(DATA SHOWN):
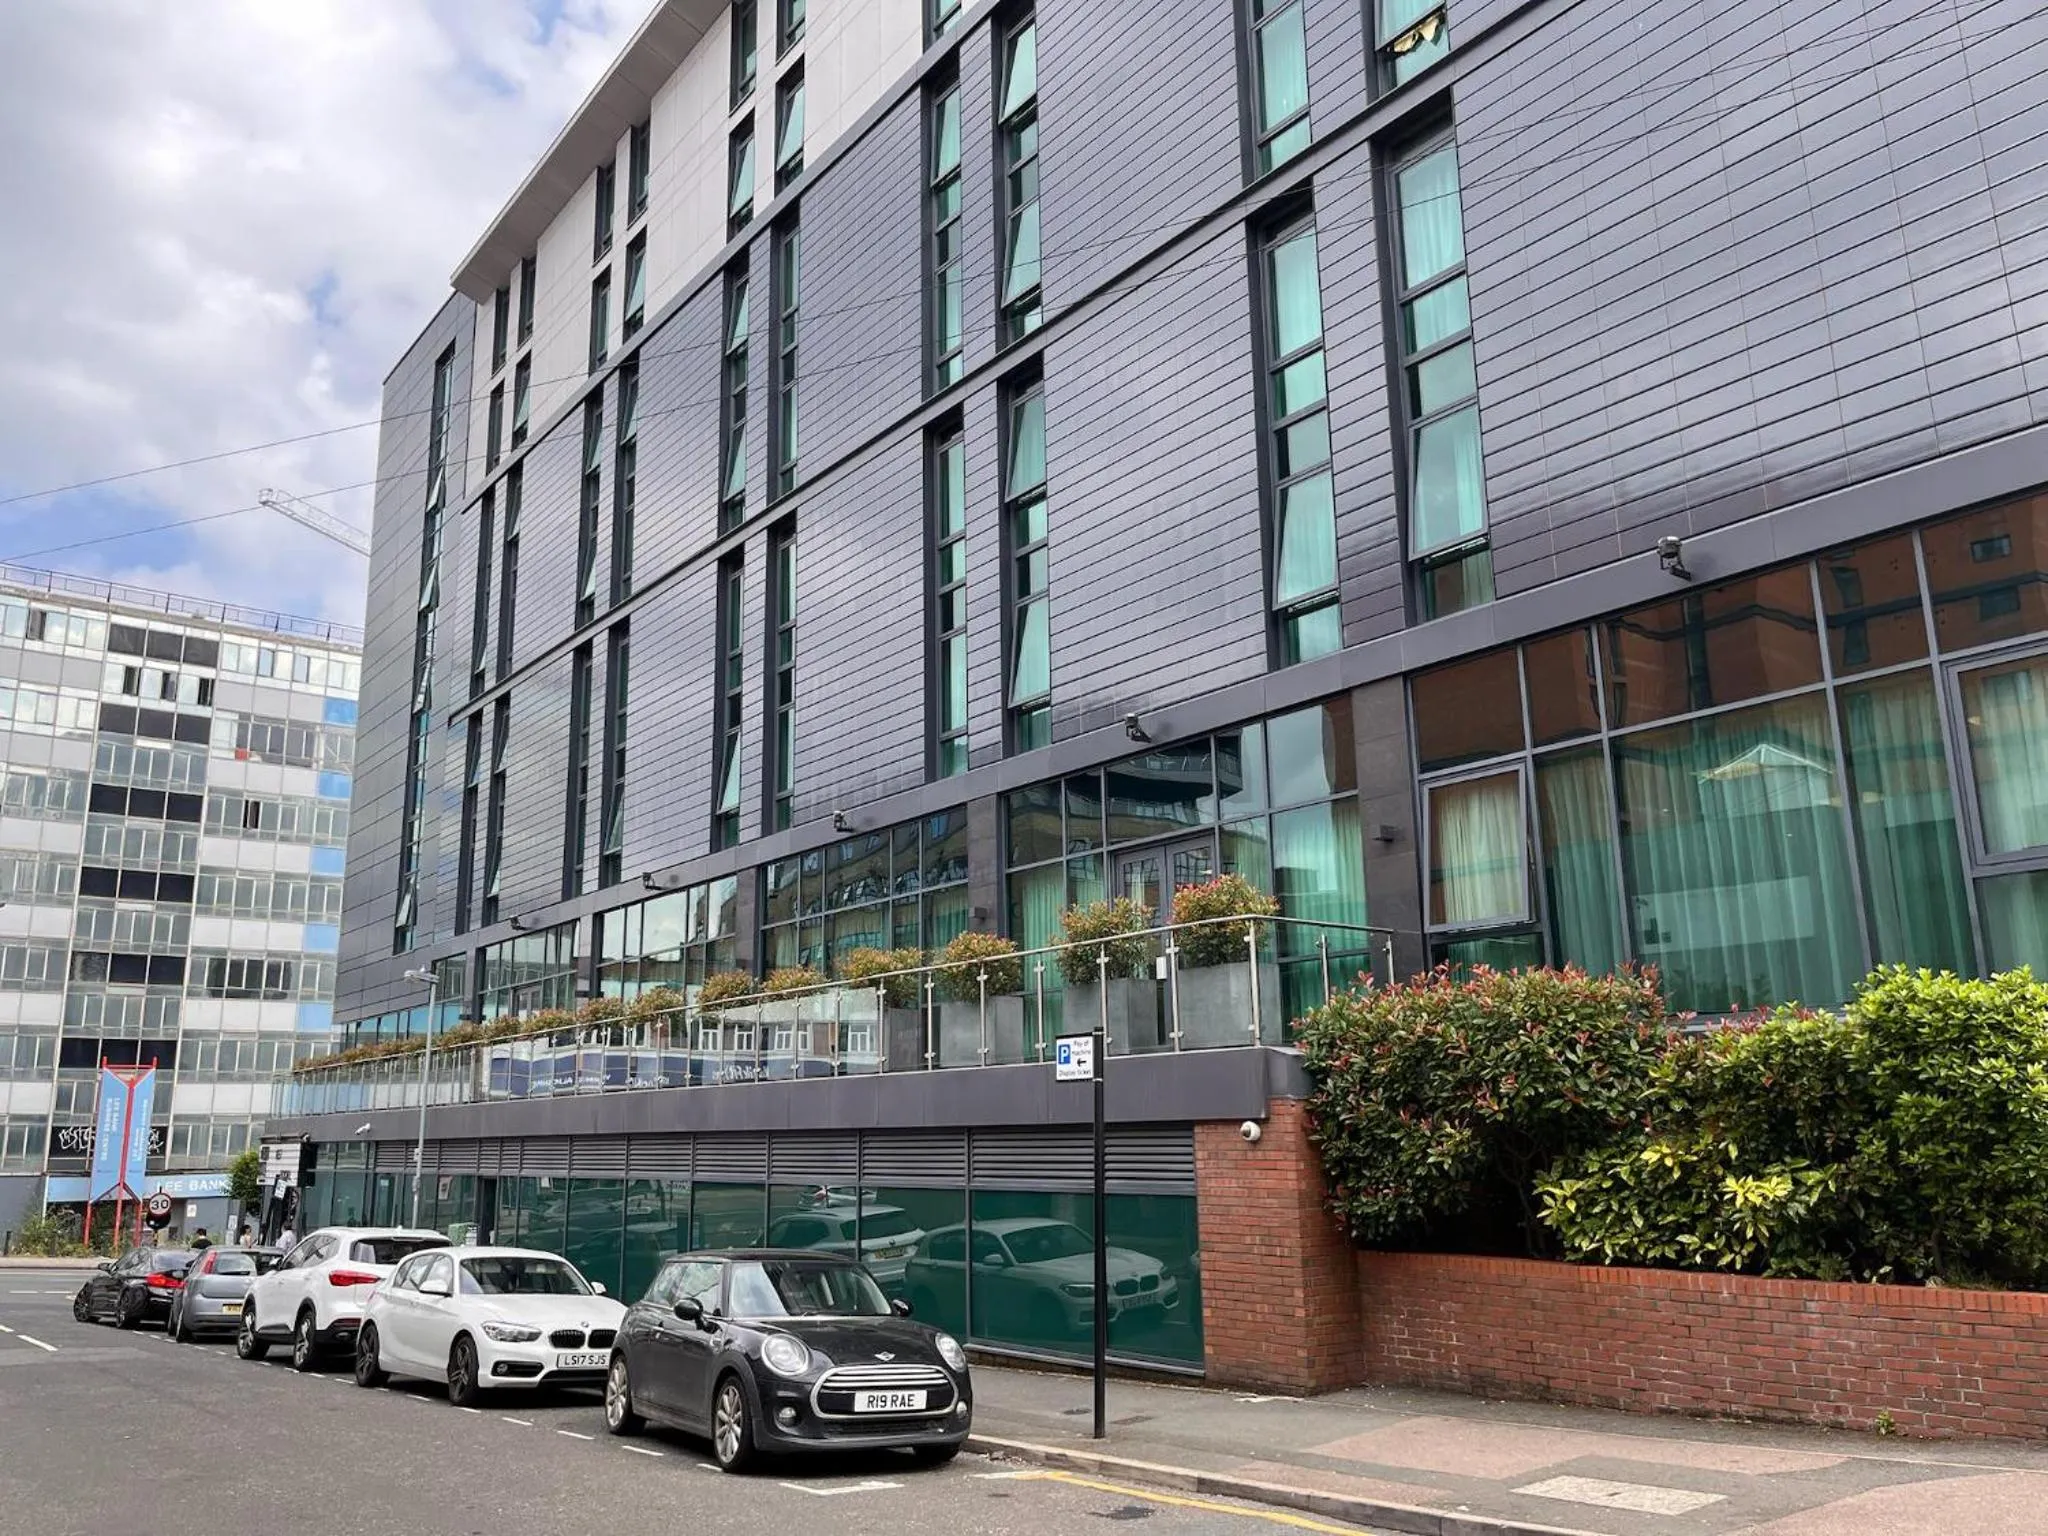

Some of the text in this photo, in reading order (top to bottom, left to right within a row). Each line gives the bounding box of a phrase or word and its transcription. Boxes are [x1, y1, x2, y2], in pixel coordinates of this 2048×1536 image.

[157, 1180, 229, 1193] LEE BANK
[151, 1200, 169, 1210] 30
[564, 1354, 606, 1365] LS17 SJS
[867, 1393, 915, 1408] R19 RAE
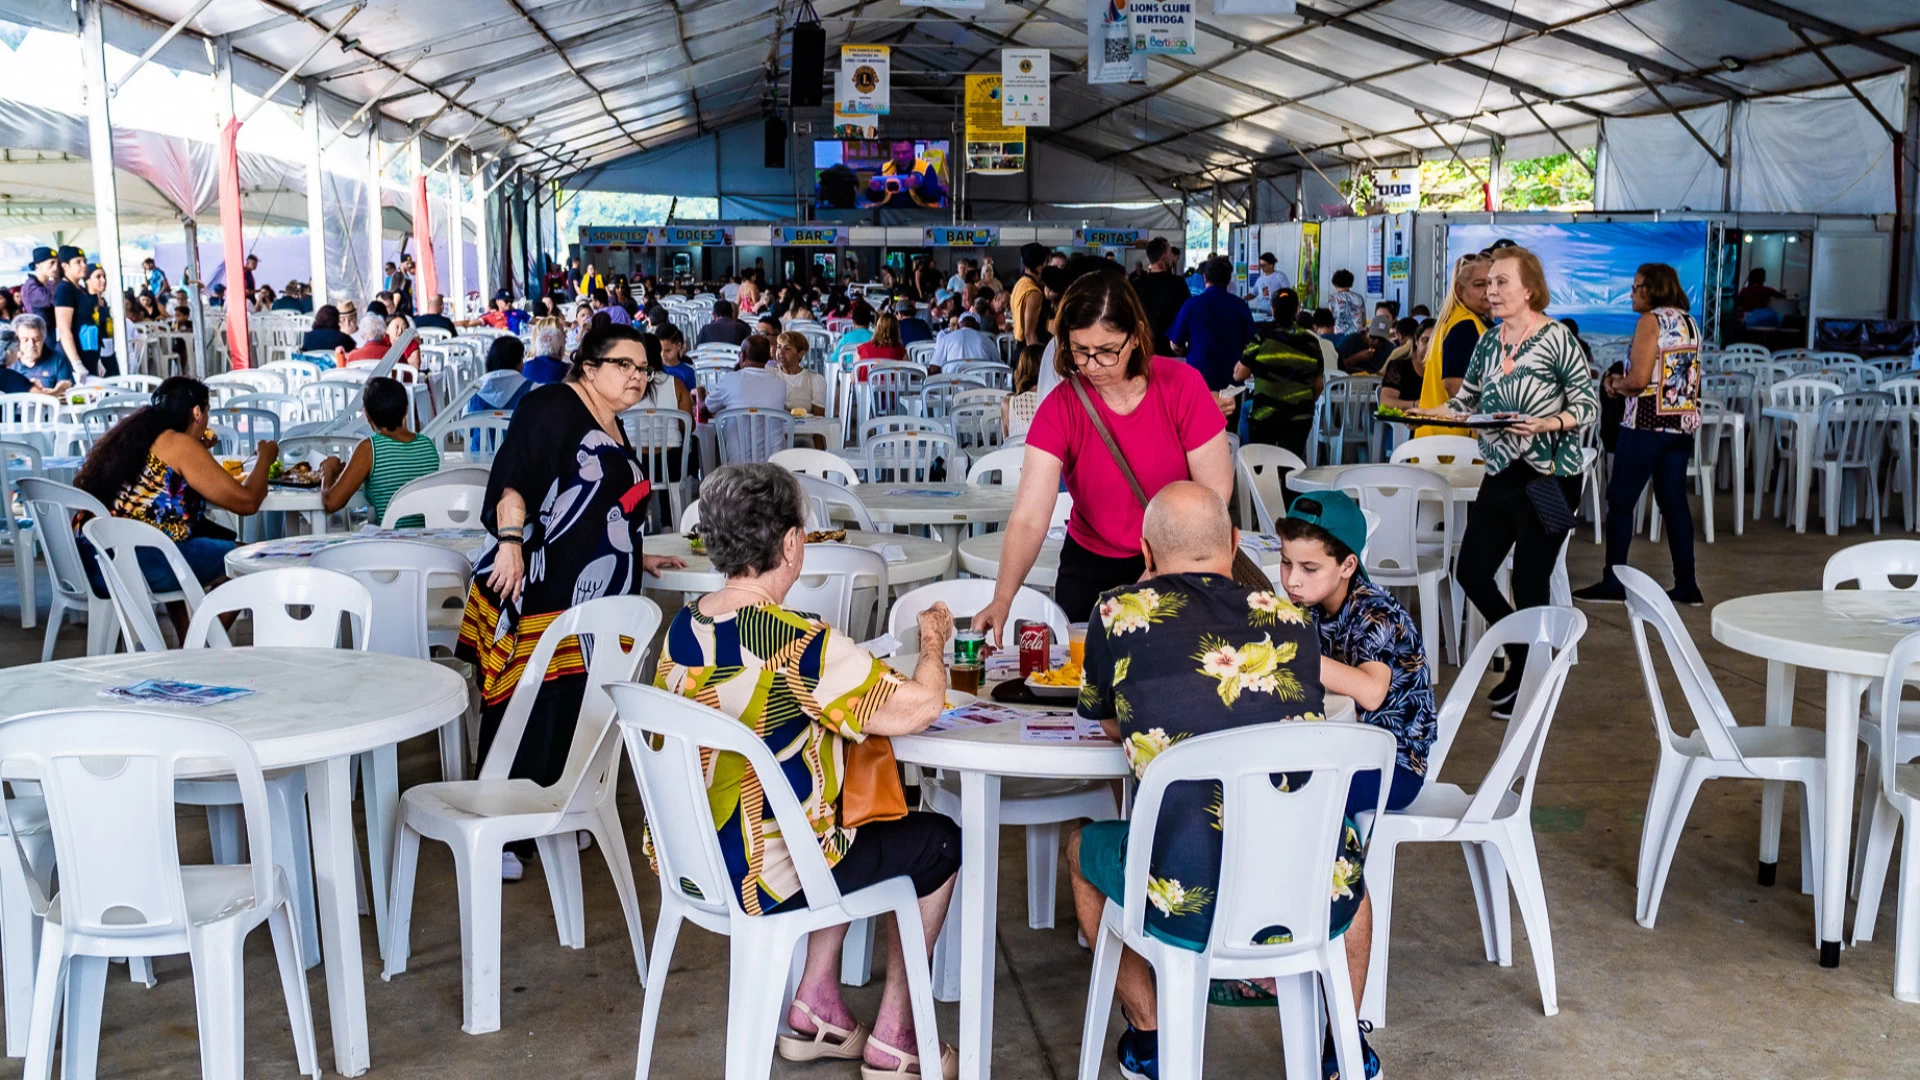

(WHAT IS REQUIRED): Repeat every line above exactly, minus the pictures.

(YOUR SOLUTION):
Some of the text in this photo, in reading order (top to bottom, left to right within a row). Each line gives the bounding box of a phrase or word and its transcription. Boxes are [x1, y1, x2, y2], in pixel coordinates of this 2048×1536 image.

[157, 1180, 229, 1193] LEE BANK
[151, 1200, 169, 1210] 30
[564, 1354, 606, 1365] LS17 SJS
[867, 1393, 915, 1408] R19 RAE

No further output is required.